M.E.E: In one way or another we are all wounded, even those who come from seemingly perfect families and good circumstances. If we want to help others, we ourselves must be in a process of healing. We cannot support others if we ourselves are not responsibly moving along our own path of growth. Yet this does not mean that everyone has to experience suffering in order to be able to help those who suffer.
Above all we have to preserve humility. We are not saviors, and others are not victims – such thinking only feeds our ego. As a psychologist I see success when we work together. Sometimes, as helpers, we have to take on the role of a leader in order to support the other, but it is essential that in this process there are moments when complete equality prevails. The person who seeks help is the expert on their own experience, suffering, thoughts, faith and goals.
We have to be humble. If we always position ourselves as superior, we push others down. True help is when a person becomes so strong that they no longer need our support. To achieve this, we have to be able to connect with our own fragility and to encounter the other with humility.

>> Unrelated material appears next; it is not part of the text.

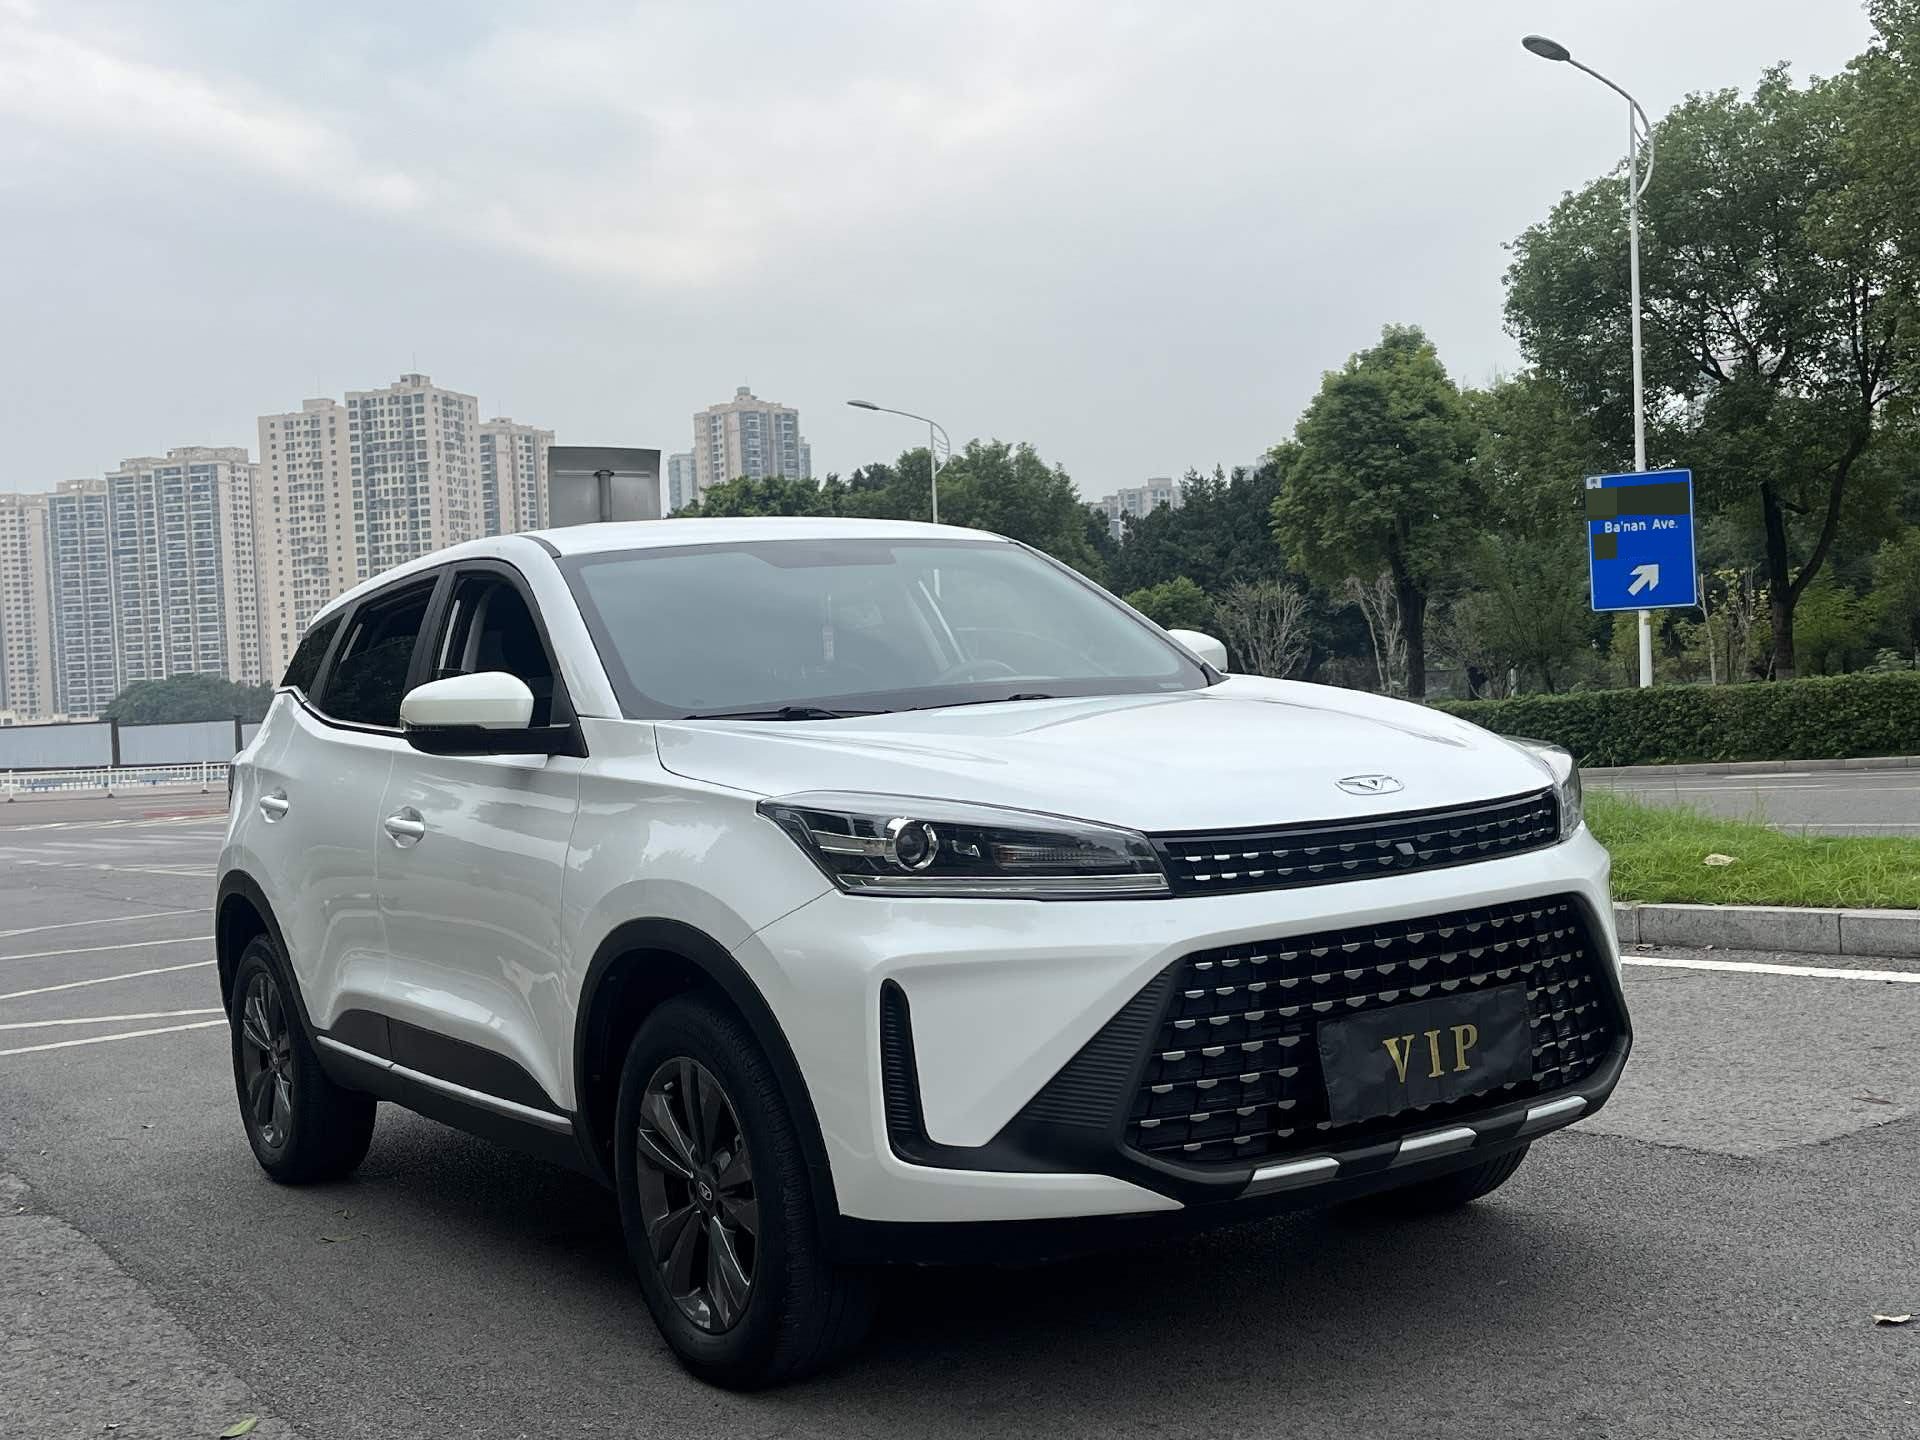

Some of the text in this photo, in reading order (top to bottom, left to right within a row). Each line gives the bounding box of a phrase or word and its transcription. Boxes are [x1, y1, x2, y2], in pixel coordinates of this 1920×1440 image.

[1604, 518, 1678, 533] Ba'nan Ave.
[1383, 1024, 1478, 1083] VIP

Some of Maïté’s recommendations, connected with the topics that came up during the conversation:
The community in which Maïté grew up: www.penuel.be
Tobie Nathan (Joyce Zonana, trans.) the novel “A Land Like You”, which was nominated for the prestigious Goncourt Prize in 2015. A Land Like You is part legendary tale, part realistic history, based on the ethno-psychiatrist Tobie Nathan’s personal Jewish-Egyptian life-story heritage and his deep knowledge of the customs and beliefs of the peoples of North Africa.
The song Al Amal (Hope) by the well-known Egyptian singer Oum Kalthoum, which is well known to all generations and often heard in the Middle East.
The TV series (Netflix) Another Self, which is a journey through intergenerational therapy in the context of Turkish culture.